Court Opinion

ID: 6818544
Source: CourtListenerOpinion
Date Created: 2022-07-23 19:04:21.021739+00
Date Added: 2024-06-11T16:04:00.573398
License: Public Domain

Epes, J.,
concurring:
I concur in the results and in most of what is said by the court. But I am of the opinion that upon principle the uncorroborated testimony of a proven perjurer should be held, as a matter of law, to be insufficient to establish that he was induced by the accused to commit the perjury. In such case the perjurer stands at the bar in a less favorable position than that in which the ordinary accomplice stands. The ordinary accomplice stands under suspicion of being a person who may lie under oath about the crime in which he was involved. The perjurer stands at the bar proven to be a man who will lie under oath.
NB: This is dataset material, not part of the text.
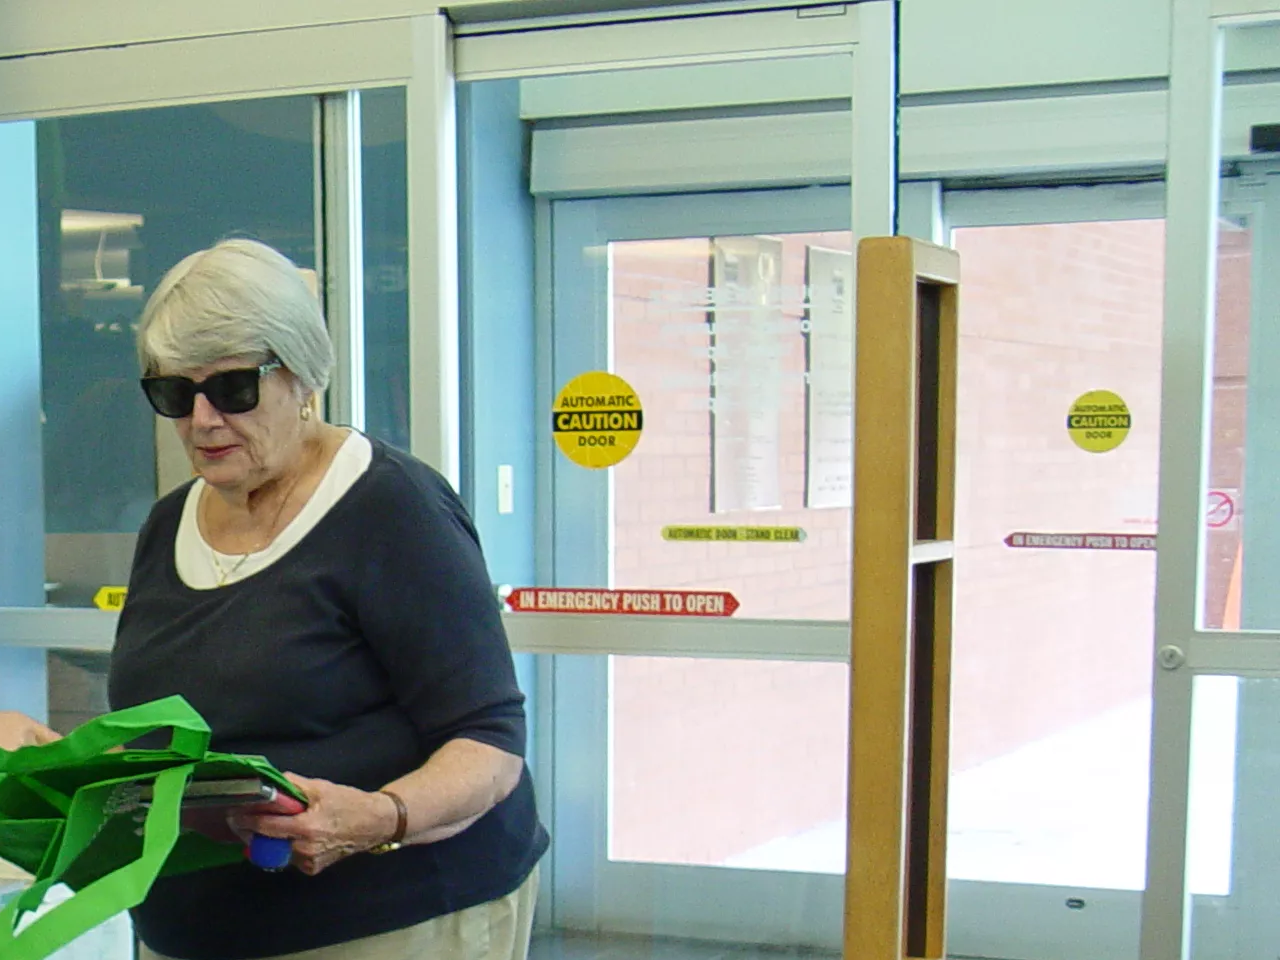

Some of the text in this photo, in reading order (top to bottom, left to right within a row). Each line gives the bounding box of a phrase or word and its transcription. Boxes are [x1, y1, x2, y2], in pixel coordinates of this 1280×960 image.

It seems to zne to be an anomaly to hold that the perjurer’s uncorrobórated testimony is not sufficient to establish his own guilt, yet that it is sufficient to establish the guilt of another.
Instruction M, which the court refused to give, reads: “The court instructs the jury that if they believe from the *1072evidence beyond all reasonable doubt that the witness, C. M. Lockhart, testified falsely, then the jury are instructed that they shall consider the evidence of said Lockhart with great caution and give his evidence such weight as the jury believe it is.entitled to.” (Italics mine.)
The instruction is not well framed, but the only valid objection which I think the Commonwealth can make to it is that it uses the expression “great caution.” The jury should have been told that they should be cautious about accepting his testimony; but in view of the corroborating testimony which the record contains, the accused was not entitled to have the jury told that it should consider his testimony with great caution.
It is on this ground that I concur in holding that the court did not err in giving instruction M.